Когда Василенко был взят, ему исполнилось 40 лет, и свой срок он провел в Заполярных политических лагерях: Инта-Печора (1948—1951) и Абезь-Воркута (1952—1956). Когда он вышел на волю, ему было за 50. До выхода первого сборника стихов осталось еще целых 27 лет безвестности — ведь в журнальной периодике он не печатался. Он не был виден.

Если мы вспомним, что в 1958 году завершился творческий путь Заболоцкого, что еще были живы Ахматова и Пастернак, что впереди было освоение трагического опыта колымского узника Варлама Шаламова и узника Владимирской тюрьмы Даниила Андреева, то поймем, в какой гигантской тени оказался Василенко...
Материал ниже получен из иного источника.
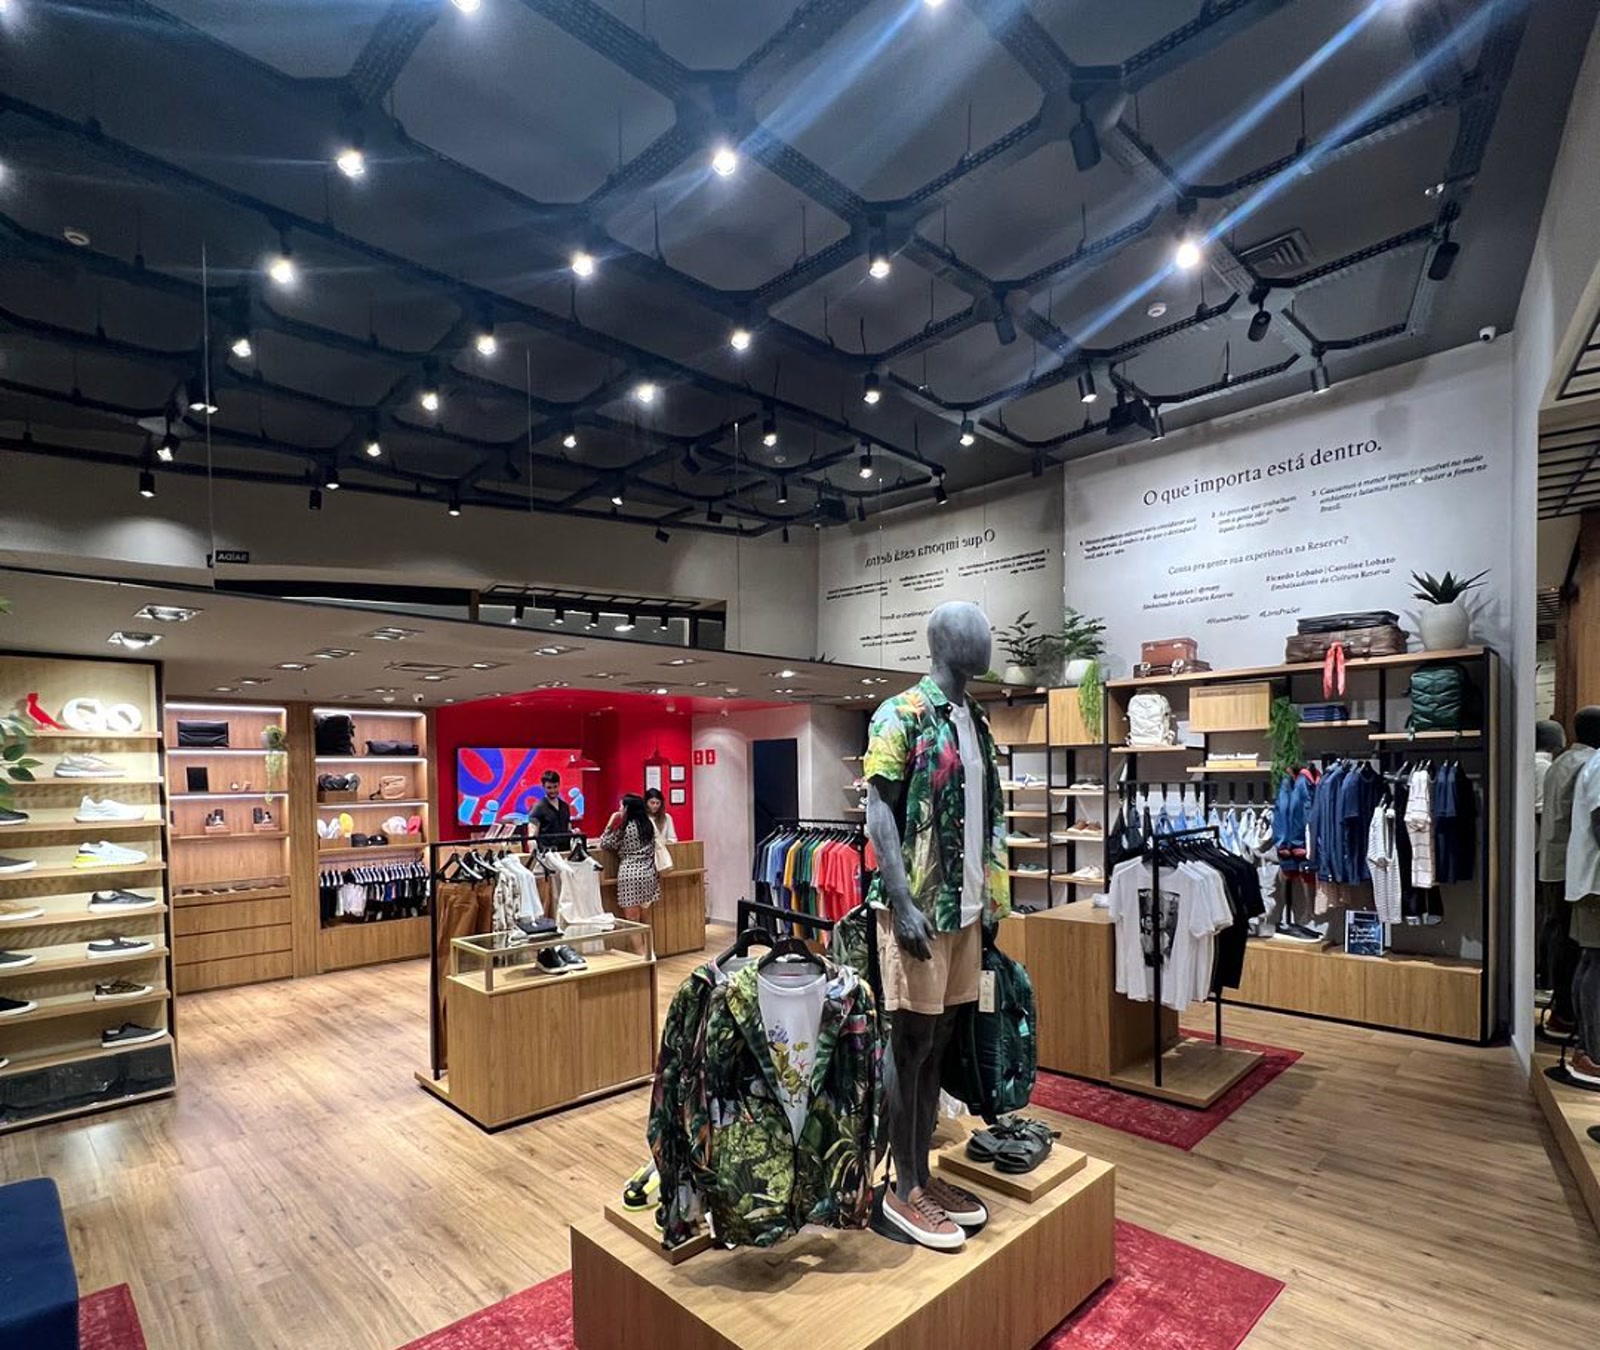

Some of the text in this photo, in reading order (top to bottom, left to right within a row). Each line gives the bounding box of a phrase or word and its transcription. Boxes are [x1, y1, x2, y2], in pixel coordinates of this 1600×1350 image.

[1143, 440, 1382, 506] O que importa está dentro.
То были учителя, поэты первого ряда, и его трагический опыт мог остаться всего лишь “повторением пройденного” — уроков, уже полученных из первых рук...

Но было в общей мете “узника Гулага” нечто свое особенное, личное, неповторимое, что сформировало его душу Поэта, — и это проницательно заметила Ахматова — она, а также Мария Петровых, по словам Василенко, “частью, но сильно и полно” прошли через его жизнь, и “встречи с ними были необычным счастьем”.
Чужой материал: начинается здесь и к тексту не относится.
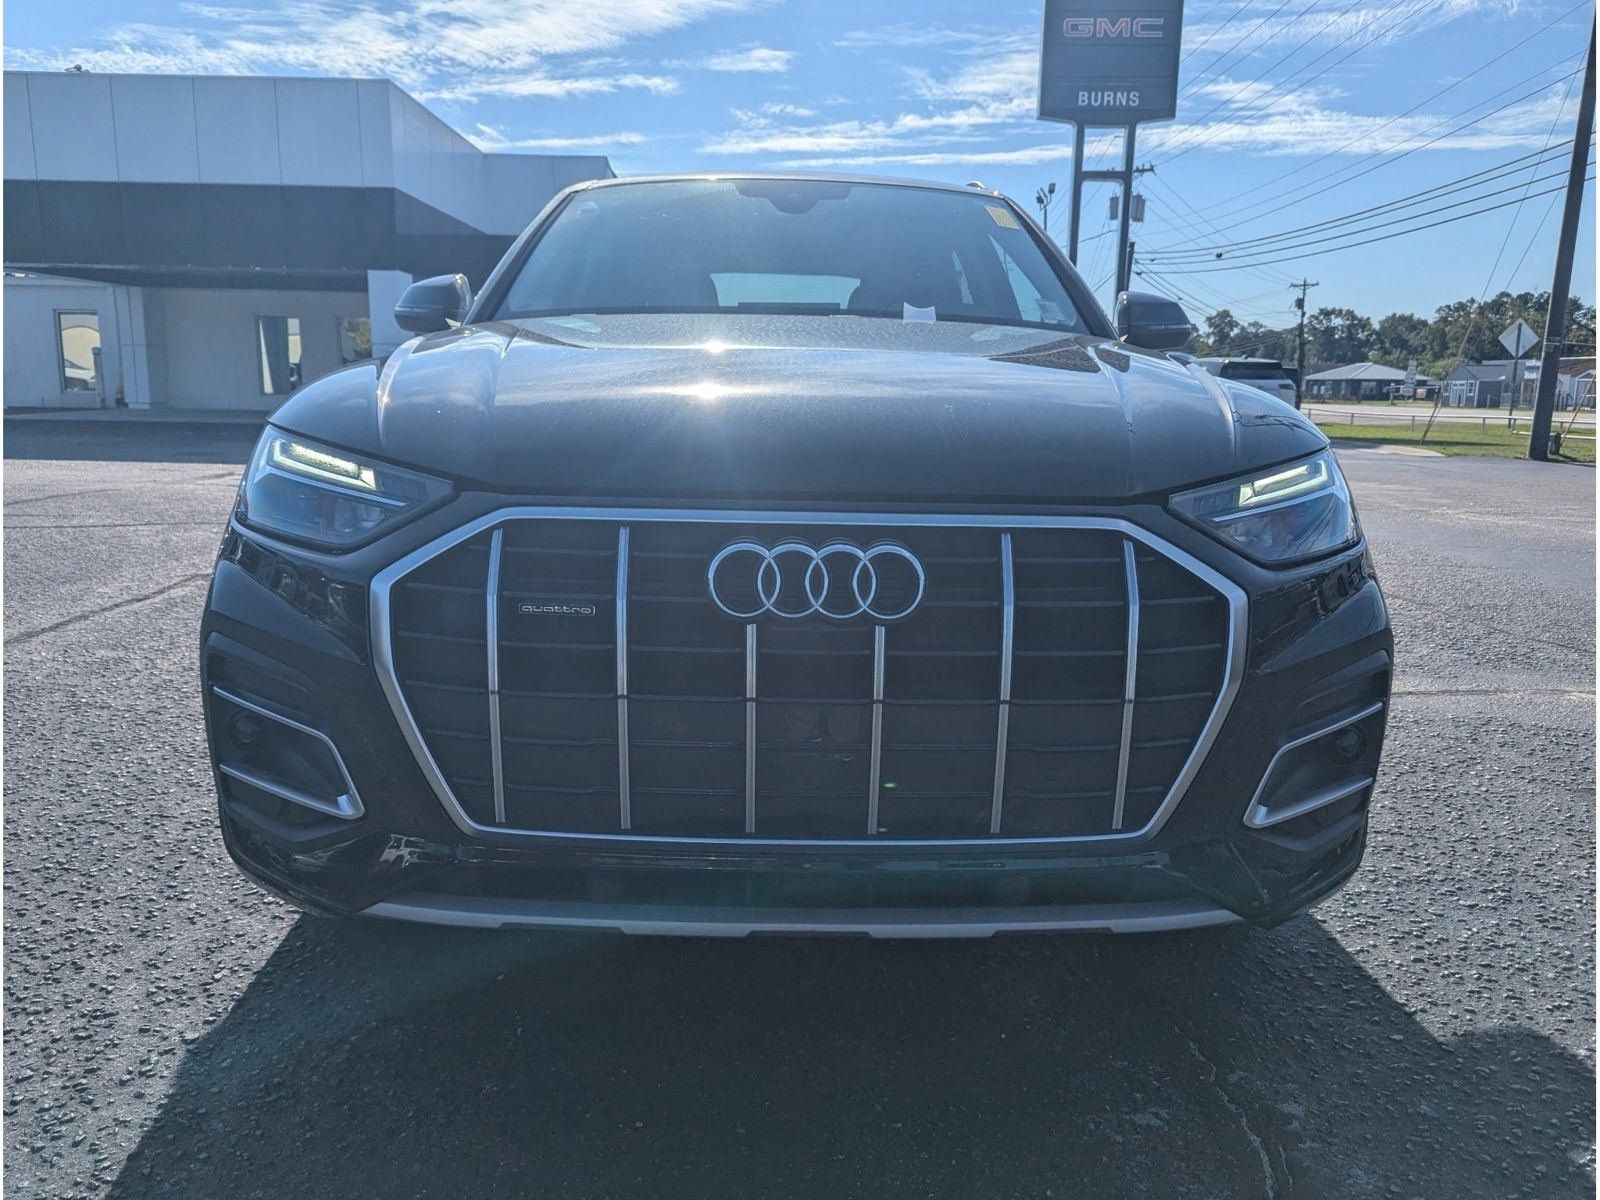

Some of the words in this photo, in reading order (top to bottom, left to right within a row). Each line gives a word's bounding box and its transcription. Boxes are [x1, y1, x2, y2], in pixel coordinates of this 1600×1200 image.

[1063, 18, 1164, 37] GMC
[1078, 91, 1140, 107] BURNS
[520, 604, 593, 615] quattro
Именно они, а не редакции первыми поверили в поэтическую судьбу Василенко. На подаренной ему в 1963 г. книге “Подорожник” Ахматова сделала примечательную надпись (она воспроизведена в 1989 г. в “Сонетах” Василенко): “Виктору Василенко с верой в его стихи. 4 февраля 1963 г. Москва”, а Мария Петровых — на своем “Дальнем севере” — “Виктору Михайловичу Василенко, истинному поэту”.

Конечно, в отношении Анны Ахматовой к “опальному” неизвестному поэту не могло в какой-то мере не сказаться и то обстоятельство, что он был в одном лагере с Н. Н. Пуниным, ее последним мужем, — этому посвящены в “Реквиеме” пронзительные строки: “Мне все равно теперь. Клубится Енисей,// Звезда Полярная сияет.// И синий блеск возлюбленных очей// Последний ужас застилает”.

Можно понять, с каким чувством слушала Ахматова в 60-е годы рассказы Василенко о днях и часах, проведенных им вместе с Пуниным: “Мы были в Заполярных политических лагерях, очень жестоких, полукаторжных. У нас были на спинах нашивки с номерами. Я был помечен номером “Р-218”. Каждая буква была в лагерях нашей группы (было 9 лагерей и в каждом от 3 100 до 32 000 человек, интеллигенции немного, по 50, чуть больше иногда, человек. Основные политзаключенные были крестьяне, рабочие, среднего типа советские служащие). Там и были со мною в лагере Н. Н. Пунин, потом поэты С. Дм. Спасский (он стал моим другом), Самуил Галкин. И профессор Сорбонны, брат балерины Карсавиной, — о нем теперь стали упоминать, — очень видный богослов, друг Ромена Роллана, Марселя Пруста, Анри Матисса и Леже, проживший часть своей жизни в эмиграции — Лев Платонович Карсавин. Он был очень дружен с Пуниным. Они были уже очень старенькие, больные и даже там их поэтому не брали на работу. Они жили в особом бараке для престарелых инвалидов, и я часто приходил к ним после работы. Эти посещения и беседы с ними очень поддерживали меня. Царство им Небесное!”

И все-таки, думается, оценка Ахматовой Василенко-поэта определялась не только характером воспоминаний. Она — и это следует подчеркнуть особо — строилась в большой мере и на том благоговейном отношении к Музе, к святости призвания, к традиции русского классического стиха, которые были так истово хранимы Василенко в Дантовом аду неволи.